You’re also just a good dude. I know this from experience, and from what so many others have said. How do you not become a dick when you’re so famous?
That means a lot. Thank you. I can’t really speak for other people. I think we are very much where we come from and our experiences. I’ve had a full life. I really have come from a place where I never thought I’d be an actor. If you told me that I was going to own strip clubs, I probably might’ve believed you. I think I’m just grateful. I never, in a million years, thought that any one of these things was going to happen to me.
It’s been better than winning the lottery. I’ve won a creative thing. I modeled and I thought that was winning the lottery. I didn’t do anything to earn that. That was something that was completely given to me. And then to parlay that into actually falling into — I had no idea how much I loved movies until I started acting.
People that aren’t nice, I think more than likely have had something in their life that they feel they need to pay forward in a way. Someone might not have been nice to them and now they have the power now. I’ve dealt with the weird thing of all of a sudden being given power. It’s strange. It’s a strange thing when you’re really just trying to get a job. And then all of a sudden you are now given all this power to call the shots. It can really go to your head. The fame thing, the power thing, I was a kid when I started to become a person that the studios were asking to be in their movies. You can definitely get gassed up that you’re more important and that you’re smarter than you actually are.

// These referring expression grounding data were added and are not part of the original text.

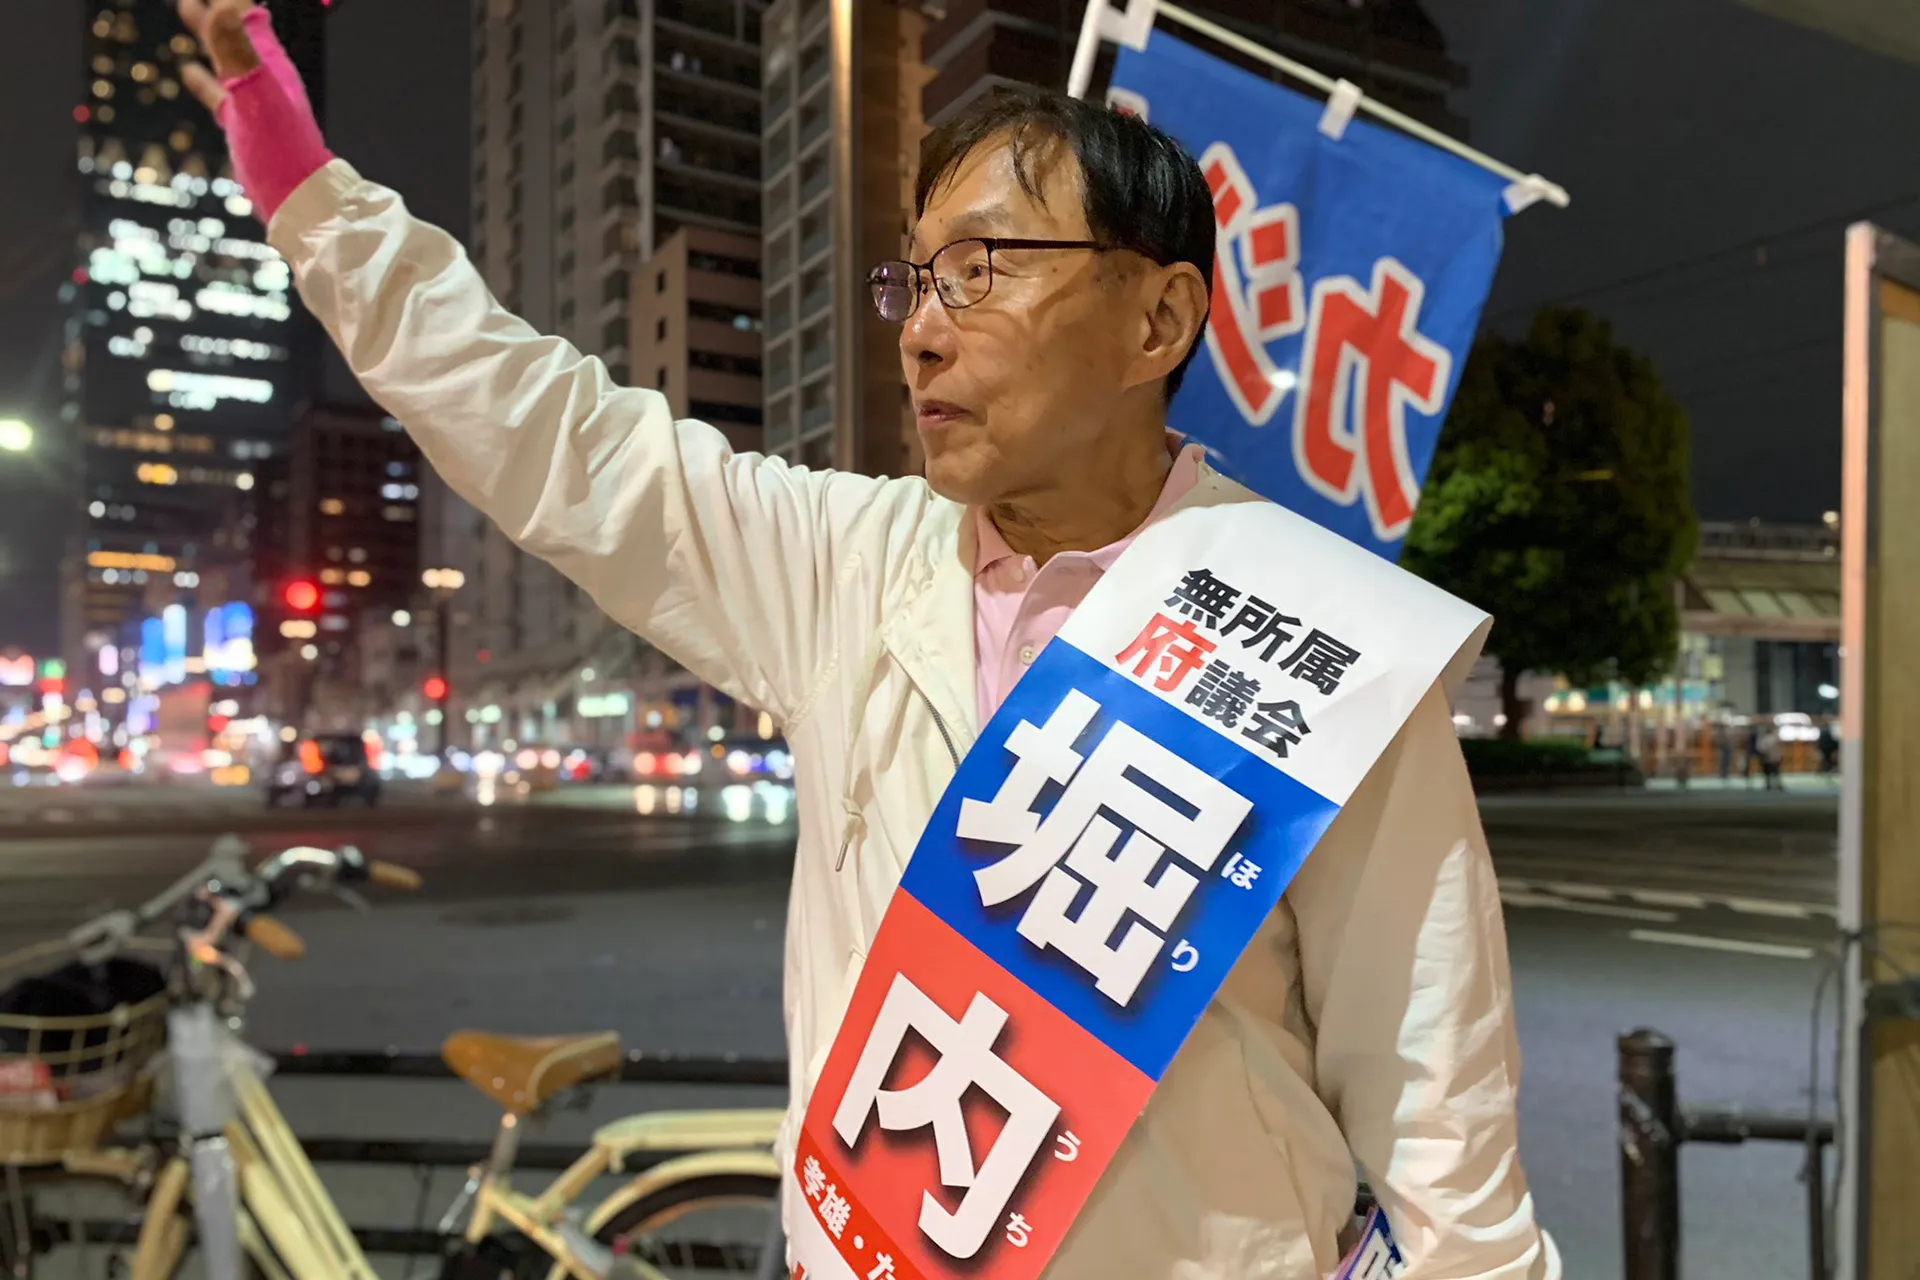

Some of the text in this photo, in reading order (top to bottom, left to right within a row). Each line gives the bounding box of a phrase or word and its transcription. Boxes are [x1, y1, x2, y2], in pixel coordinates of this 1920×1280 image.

[1115, 612, 1311, 758] 府議会
[1164, 568, 1361, 696] 無所属
[832, 688, 1254, 1259] 堀内
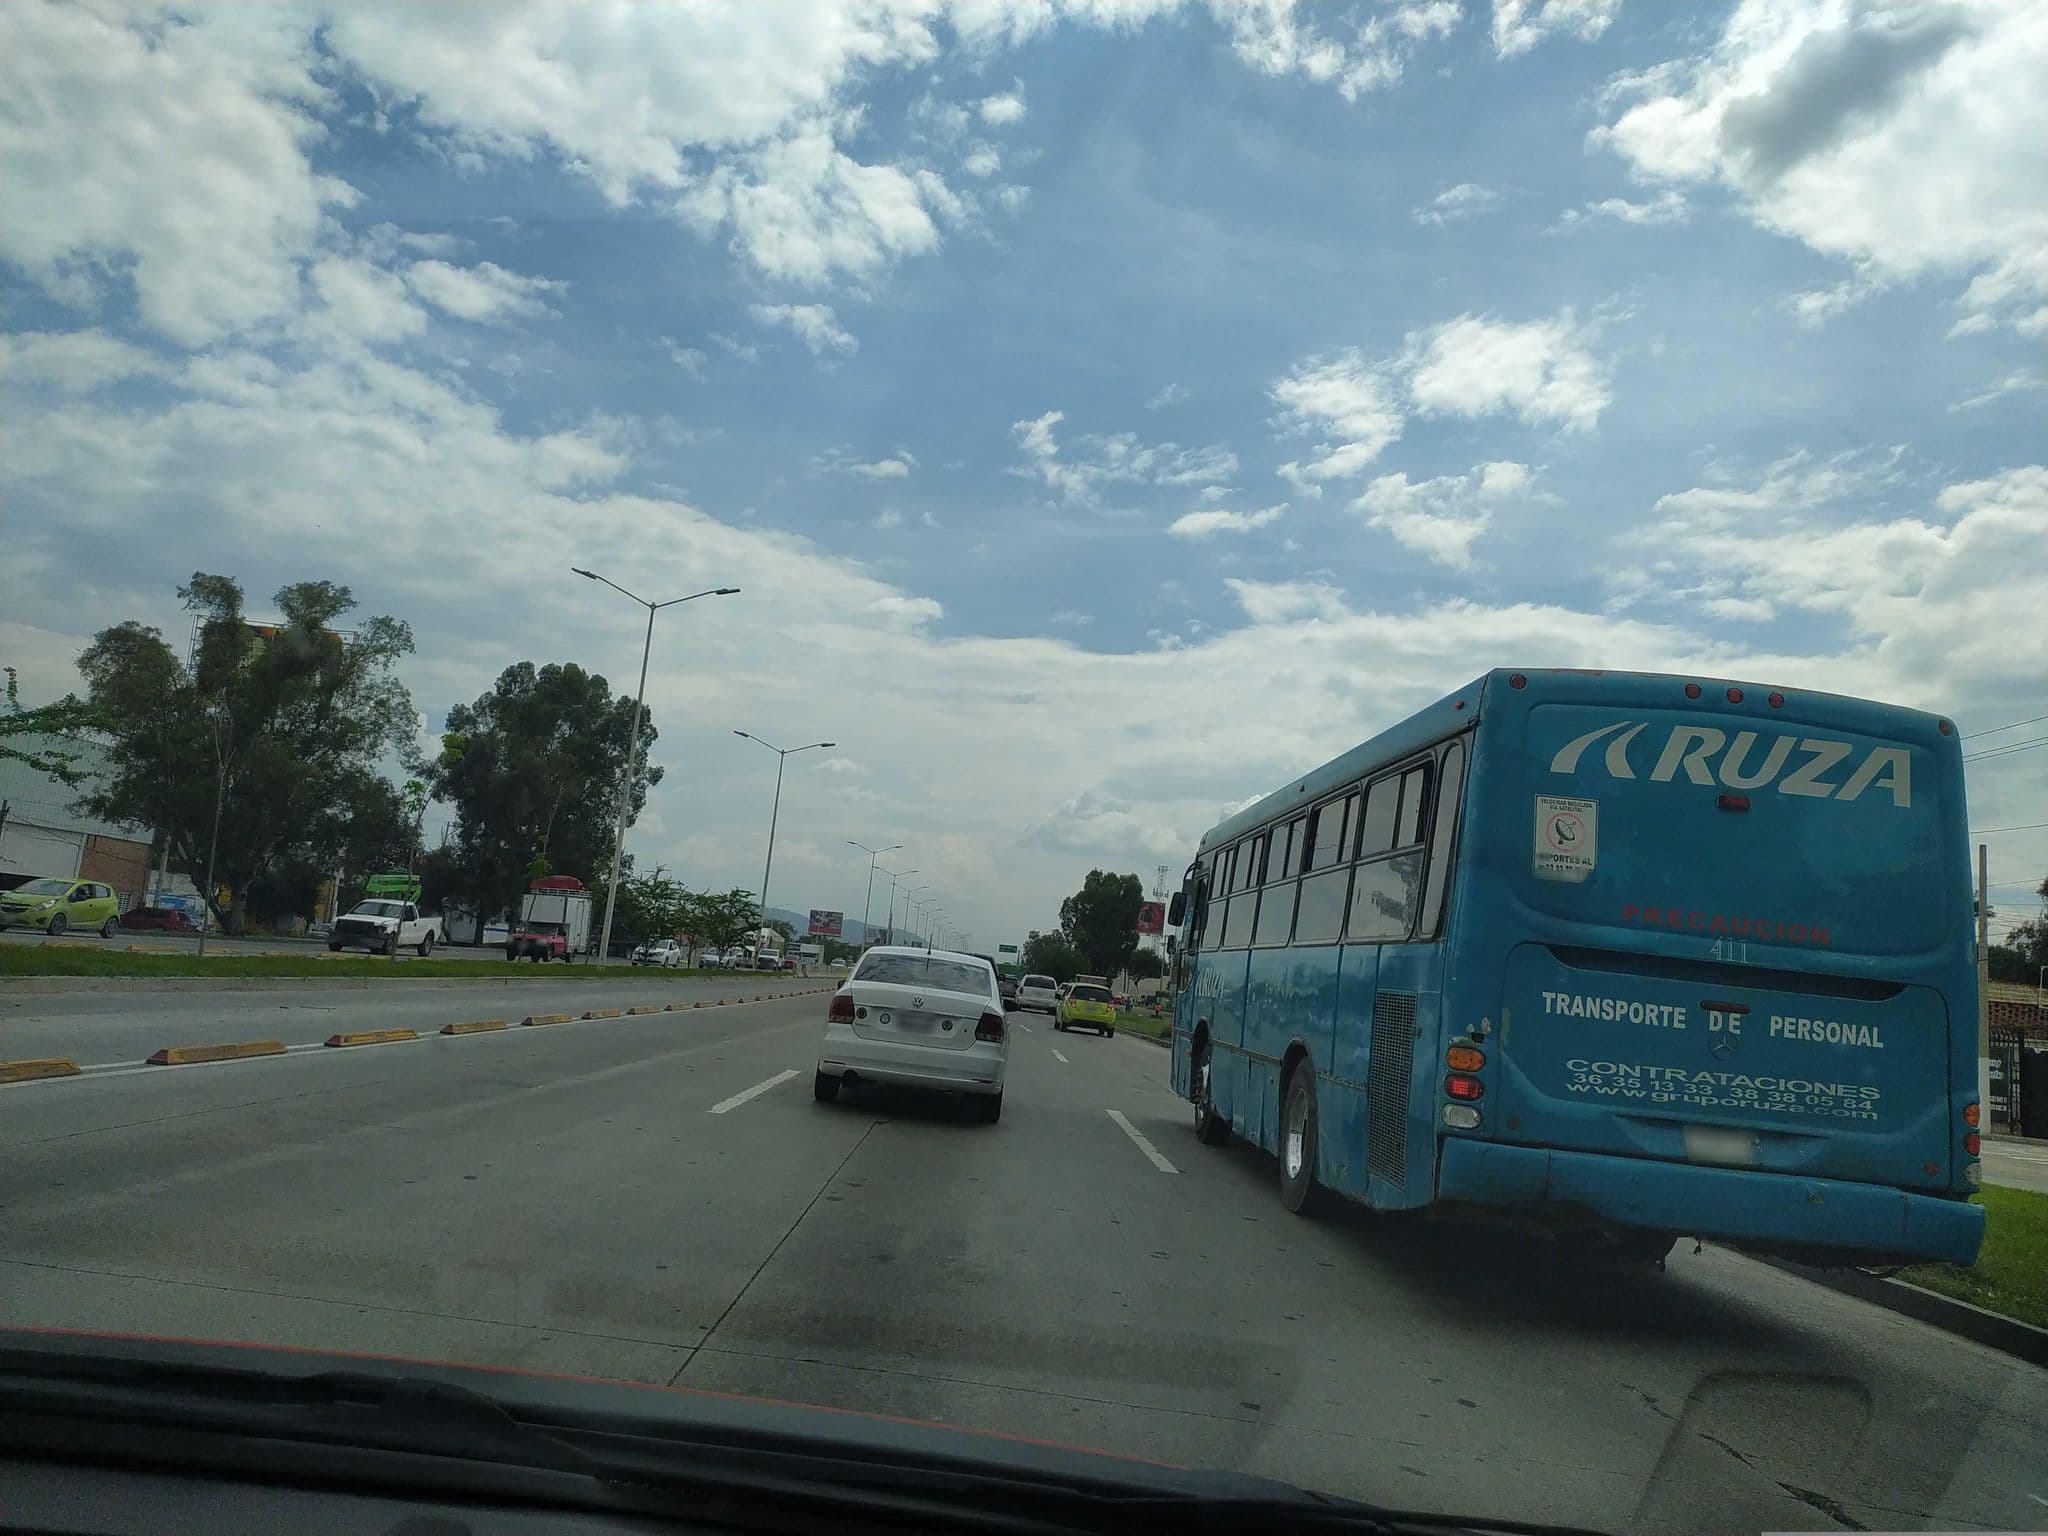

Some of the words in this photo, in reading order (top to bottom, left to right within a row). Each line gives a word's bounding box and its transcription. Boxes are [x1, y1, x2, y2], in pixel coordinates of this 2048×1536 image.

[1649, 725, 1911, 808] RUZA
[1623, 904, 1833, 946] PRECAUCION
[1542, 991, 1687, 1029] TRANSPORTE
[1708, 1010, 1742, 1035] DE
[1770, 1015, 1884, 1048] PERSONAL
[1566, 1059, 1881, 1100] CONTRATACIONES
[1573, 1073, 1603, 1085] 36
[1612, 1077, 1641, 1088] 35
[1650, 1081, 1675, 1092] 13
[1685, 1083, 1713, 1095] 33
[1729, 1087, 1759, 1100] 38
[1767, 1091, 1797, 1103] 38
[1805, 1095, 1834, 1107] 05
[1843, 1098, 1874, 1110] 84

Our kids are both privileged, just in different ways. Have you figured out yet how to raise a human who appreciates everything they have?
It’s a daily thing. The one word would be “grateful. “My daughter’s going to have a really blessed life. We have really nice things and she’s not going to live in a trailer. How you keep her aware of what other people have and what other people don’t? That’s gonna be a hard one.
You can’t control their experience. Otherwise, you’re going to spend your days saying that I’m going to take everything away from you and I’m going to let you really feel what it’s like to have nothing. Why am I doing that?
She definitely has a big heart. She’s sensitive to when someone hurts themselves or something happens to somebody. She definitely is aware of other people’s feelings. I think that’s kind of where it has to start first. If they’re only caring about their own experience, I think that is always a trap. If you can show or lead them into being aware of other people’s experiences, it’s pretty important.